Vermeule is fully capable of defending himself against Thompson’s colorful denunciation of him as a “dyspeptic enfant terrible.” Moreover, I have a difference of opinion with Vermeule as to the precise contours of the proper path forward for a genuinely conservative constitutional jurisprudence, as he and I have begun to hash out (and much more to come on that front).
But I object—as two other friends, Sohrab Ahmari and David Azerrad, have similarly done—to Thompson’s cartoonish, Ayn Rand-ian view of the American Founding. Thompson, impressive bona fides notwithstanding, misunderstands the nature of republican self-governance in the classical tradition—and he misunderstands the nature of our specific constitutional order. Most germanely, he misunderstands the conceptual intersection thereof: namely, the overarching nature of a legal and political regime oriented toward the common good. In truth, Thompson has needlessly frenzied himself over a rather anodyne and unthreatening phraseology. Indeed, if nothing else, I hope to aid my individual autonomy-fetishizing professorial interlocutor to sleep just a bit better at night.
Our libertarian friends tend to fret over the notion that government might have any positive, assertive role beyond an obsessive fixation with securing negative liberty at any and all costs. For those of this ilk, the idea that our actual political inheritance might entail “wielding ‘regime-level’ power in the service of good political order,” let alone “wielding the levers of state power…to reward friends and punish enemies (within the confines of the rule of law),” is anathema. This is not exactly a new debate, of course. But it has unfolded prolifically these past couple of years on the Right on issues as wide-ranging as “drag queen reading hour,” pornography regulation, and Big Tech corporate malfeasance (and everything in between). It will not end any time soon.
Thompson’s Map of Misreadings
Thompson’s view of the American Founding is predicated on elevating the Declaration of Independence—and interpreting it as dogmatic Lockean language about how “Governments are instituted among Men” to “secure” “certain unalienable Rights”—in such a way as to crowd out almost all other interpretations and sources.

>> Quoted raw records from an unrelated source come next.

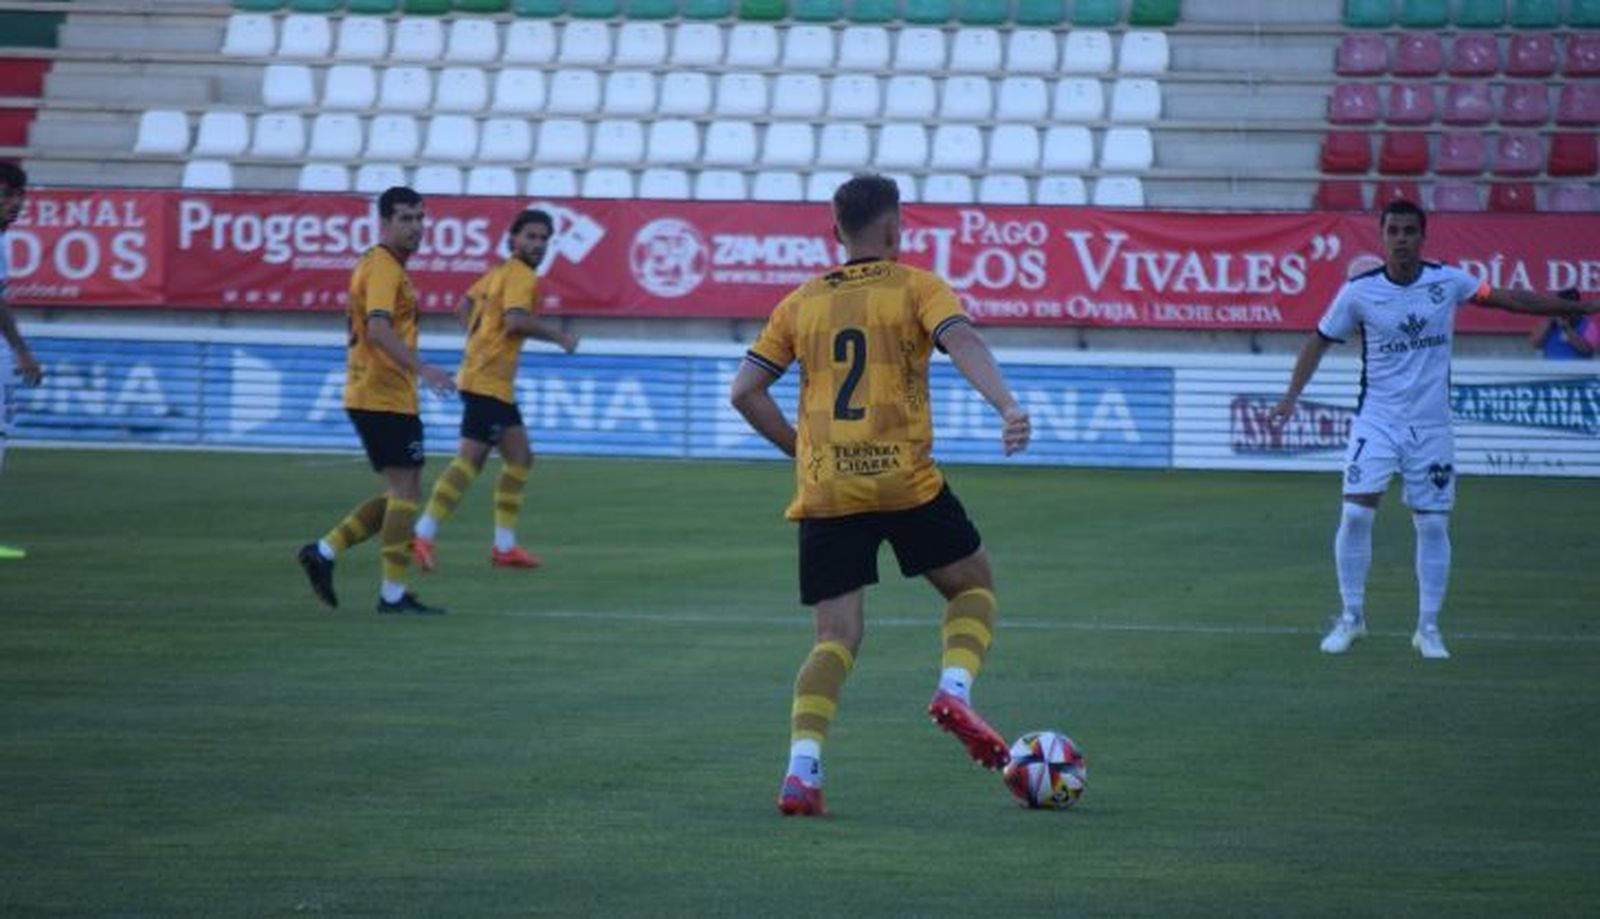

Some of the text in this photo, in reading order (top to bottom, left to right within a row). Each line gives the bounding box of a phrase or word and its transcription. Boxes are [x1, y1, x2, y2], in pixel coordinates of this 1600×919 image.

[178, 200, 491, 264] Progesdtos
[959, 209, 1048, 245] PAGO
[711, 234, 832, 268] ZAMORA
[833, 326, 868, 421] 2
[1353, 437, 1367, 462] 7

Now, I agree with Justice Clarence Thomas—contra his late longtime senior colleague, Justice Antonin Scalia—that the Declaration has a real and meaningful role to play in constitutional interpretation. I was even born on Abraham Lincoln’s birthday and, as the Claremont Institute and its late founder, Harry Jaffa, have collectively dedicated more ink to explaining than anyone in modern American political life, it was Lincoln for whom the Declaration was the “apple of gold” around which the Constitution was but a “picture of silver”—and for whom the Declaration serves as an “electric cord” that “links…patriotic hearts as long as the love of freedom exists in the minds of men throughout the world.”
In short: no Declaration skeptic, I. But the story is quite a bit more complicated than what Thompson depicts.

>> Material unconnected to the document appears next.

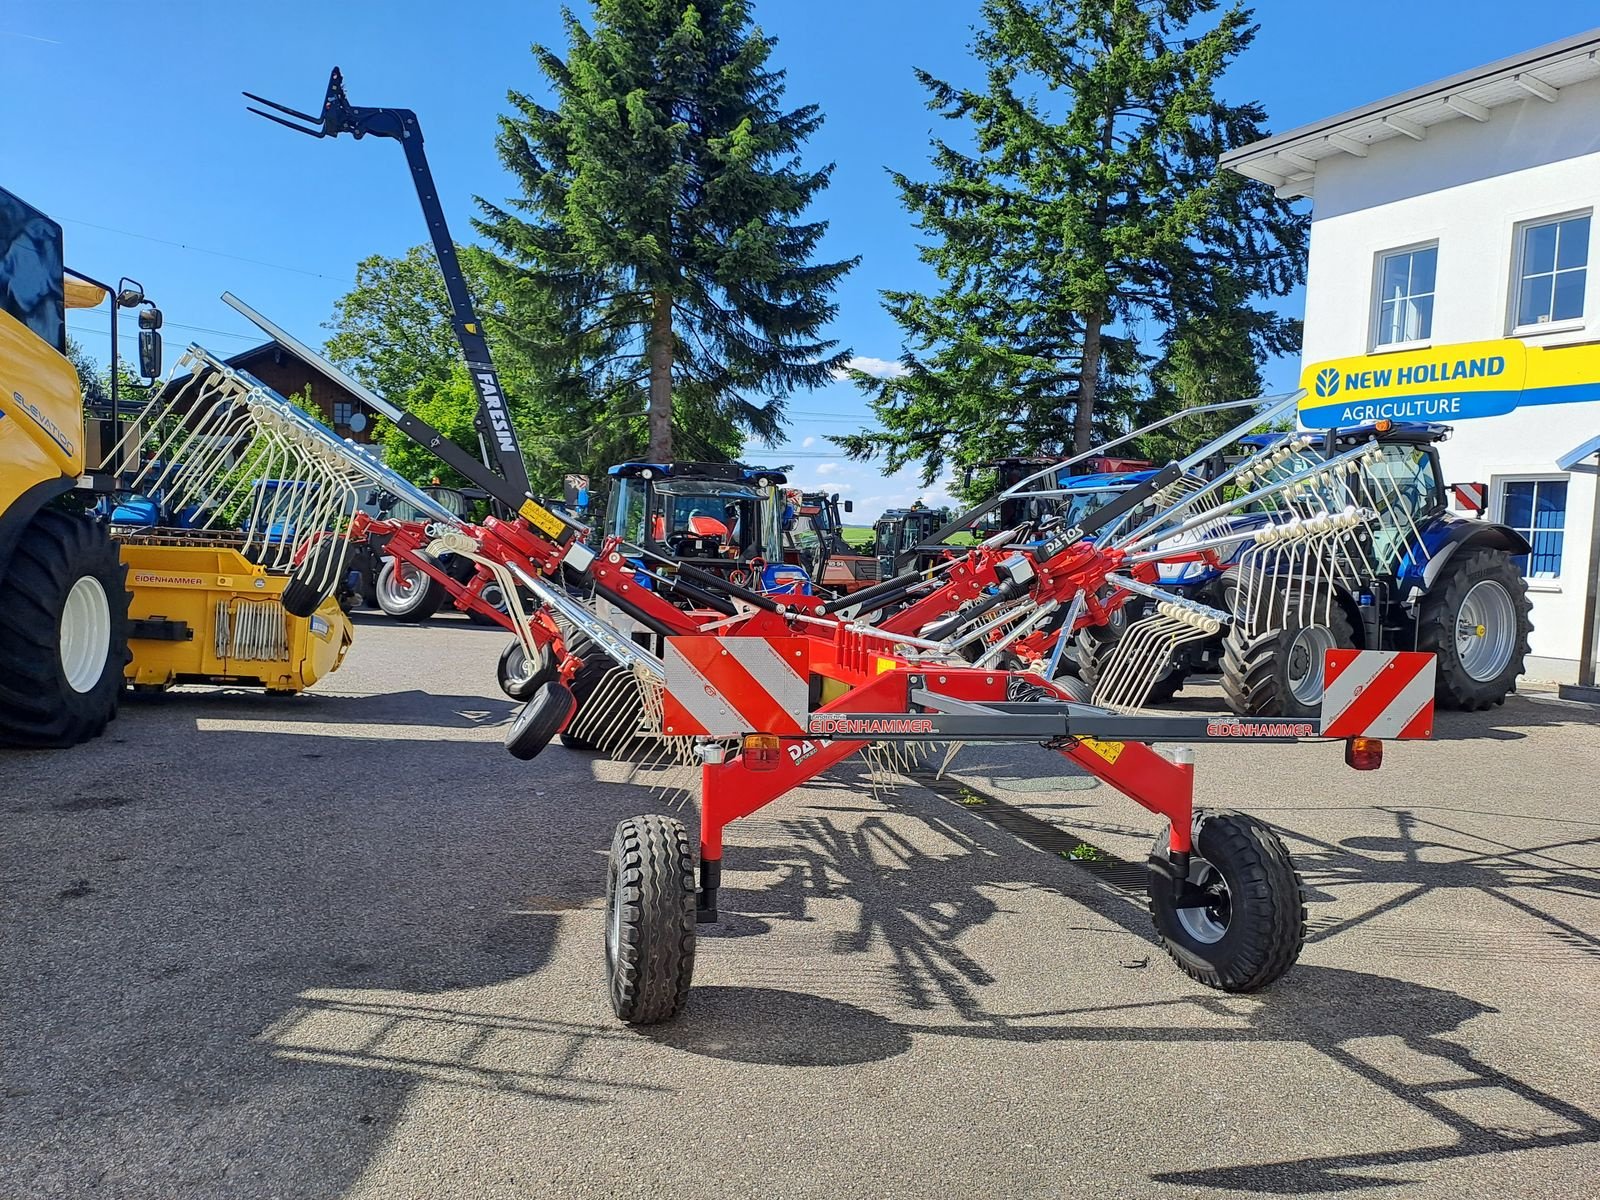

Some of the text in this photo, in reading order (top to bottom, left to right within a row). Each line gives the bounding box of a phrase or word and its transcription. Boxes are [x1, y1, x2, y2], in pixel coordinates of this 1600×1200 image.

“Electric cord” status notwithstanding, one cannot escape the rudimentary fact that the Constitution of 1787 was written under circumstances tangibly different than those surrounding the drafting of the Declaration in 1776. For one, Thomas Jefferson, the Declaration’s penman, was missing in action in 1787—ever the Francophile, he was gallivanting in pre-Revolutionary France—a perhaps-serendipitous absence that the late Gertrude Himmelfarb apparently once described as “the clearest sign of Providence intervening in American history.” Accordingly, James Madison, Jefferson’s once and future protégé, fell under the interstitial influence of the men who came to be the Federalist Party, led by Anglophilic, common good-oriented statesmen such as Alexander Hamilton.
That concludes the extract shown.